Compare that to using Mako Metrics on the same quarterly cadence:
- 4 Snapshots/year ($44.99 × 4) = $179.96/year
- 4 quarters of Market Dominator ($124.99 × 4) = $499.96/year (covering up to 5 competitors per quarter)
If competitor analysis is your primary goal, the cost difference is significant. If creative inspiration and team swipe files are your primary goal, Foreplay's monthly subscription makes more sense.
Who Should Choose Foreplay
Foreplay is the right tool if:
- You're a creative director or creative strategist building ad concepts and need a searchable swipe file
- You run high-volume ad creative production and need a system for organizing reference material across campaigns
- You work at an agency with multiple clients and need a shared library your team can contribute to
- You want to browse broadly across many brands for cross-industry creative inspiration
- You need AI brief generation integrated directly into your research workflow
- You're doing platform-agnostic creative research beyond just Meta (TikTok, etc.)
Ideal Foreplay customer: A performance creative agency or in-house creative team running 20+ new ad concepts per month who needs a systematic way to collect, organize, and brief from competitor creative.
Who Should Choose Mako Metrics
Mako Metrics is the right tool if:
- You're a DTC founder or brand marketer who needs to understand what a specific competitor is running before a campaign launch
- You're a paid media manager doing quarterly competitive reviews and want a structured deliverable to present to leadership
- You're an agency that needs to send a client a competitive intelligence document without giving them access to another platform
- You want to know what a competitor is actively spending behind right now, not browse a broad library
- You need strategic interpretation, not just data — why the ads are structured the way they are, what offers they're testing, what the patterns suggest
- You want no ongoing subscription — you pay when you need a report, nothing when you don't
Ideal Mako Metrics customer: An in-house paid media team at a DTC brand that runs competitor analysis once a quarter before campaign planning, and needs a report they can share across the organization without adding another tool subscription.
The Real Distinction: Input vs. Output
The common mistake is buying Foreplay expecting it to tell you "what is Brand X's Meta ads strategy right now." It won't — it'll show you a library of ads you've saved, and you'll do your own analysis. If you want the analysis done for you, that's Mako.

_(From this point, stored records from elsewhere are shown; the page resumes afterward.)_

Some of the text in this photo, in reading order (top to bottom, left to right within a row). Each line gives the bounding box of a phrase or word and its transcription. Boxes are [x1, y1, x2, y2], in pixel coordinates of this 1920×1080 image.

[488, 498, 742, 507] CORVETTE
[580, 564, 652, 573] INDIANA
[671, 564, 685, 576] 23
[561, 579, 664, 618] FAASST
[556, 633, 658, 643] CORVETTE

The opposite mistake is buying Mako Metrics expecting an ongoing creative inspiration library. You'll get a structured report, not a browsable database.

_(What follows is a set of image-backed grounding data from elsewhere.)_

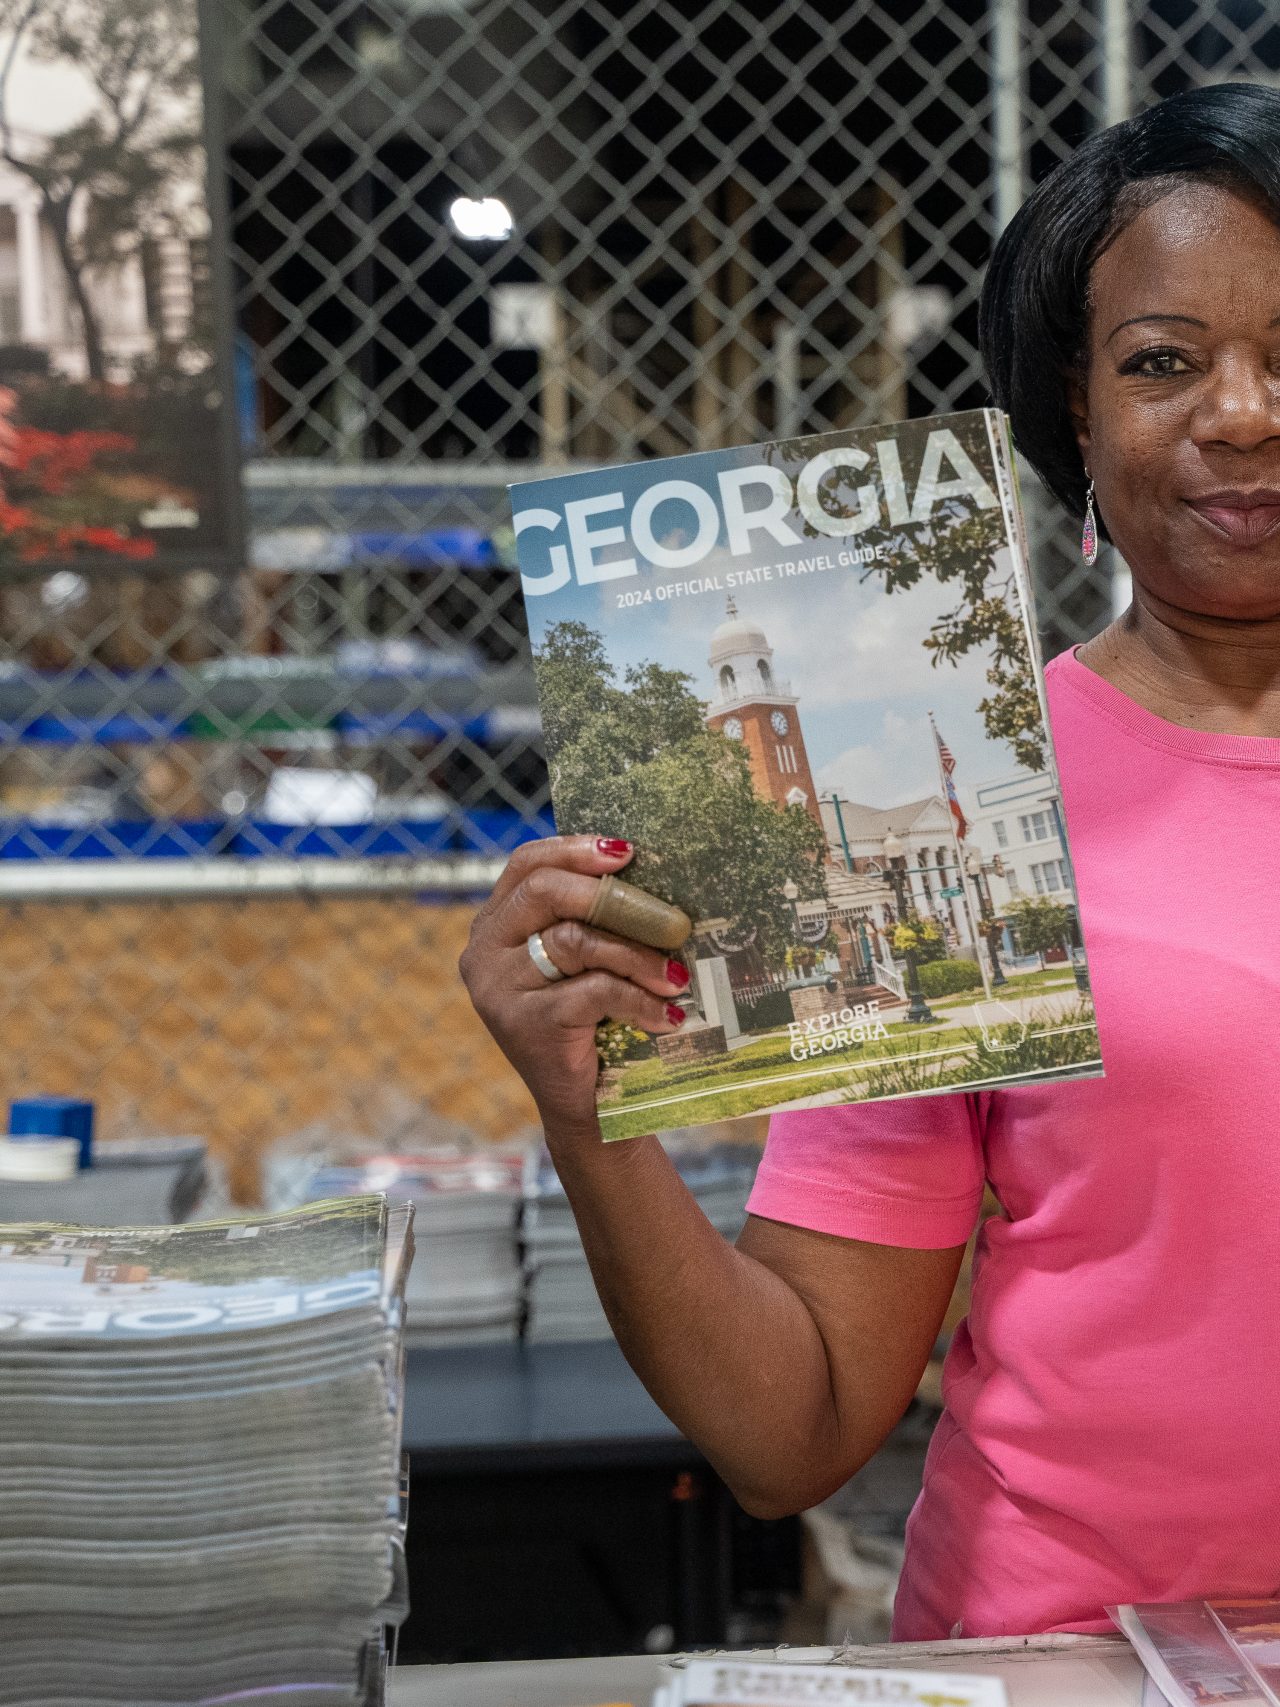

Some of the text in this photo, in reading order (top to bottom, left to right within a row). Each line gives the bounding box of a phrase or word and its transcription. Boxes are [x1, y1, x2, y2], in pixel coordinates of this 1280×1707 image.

[512, 428, 1000, 597] GEORGIA
[616, 545, 886, 609] 2024 OFFICIAL STATE TRAVEL GUIDE
[787, 1000, 881, 1042] EXPLORE
[789, 1021, 890, 1062] GEORGIA
[0, 1281, 380, 1331] GEOR

Frequently Asked Questions
Is Foreplay good for competitor research?
Foreplay can support competitor research, but it's not designed for it specifically. You'll need to manually browse the Meta Ad Library or Foreplay's discovery feed, save individual ads from your competitor, and do your own pattern analysis. If you want to understand what a specific competitor is running and why it's working, a purpose-built competitive intelligence tool like Mako Metrics will give you a more structured answer faster.
What's the best Foreplay alternative for competitive intelligence?
If your primary goal is competitive intelligence on Meta ads — not creative inspiration — Mako Metrics is the most direct alternative. It focuses specifically on analyzing a named competitor's current ad strategy and delivering that analysis as a report. For broader creative inspiration and swipe-file workflows, Foreplay remains strong at what it does; there isn't a direct alternative that matches its feature set in that category.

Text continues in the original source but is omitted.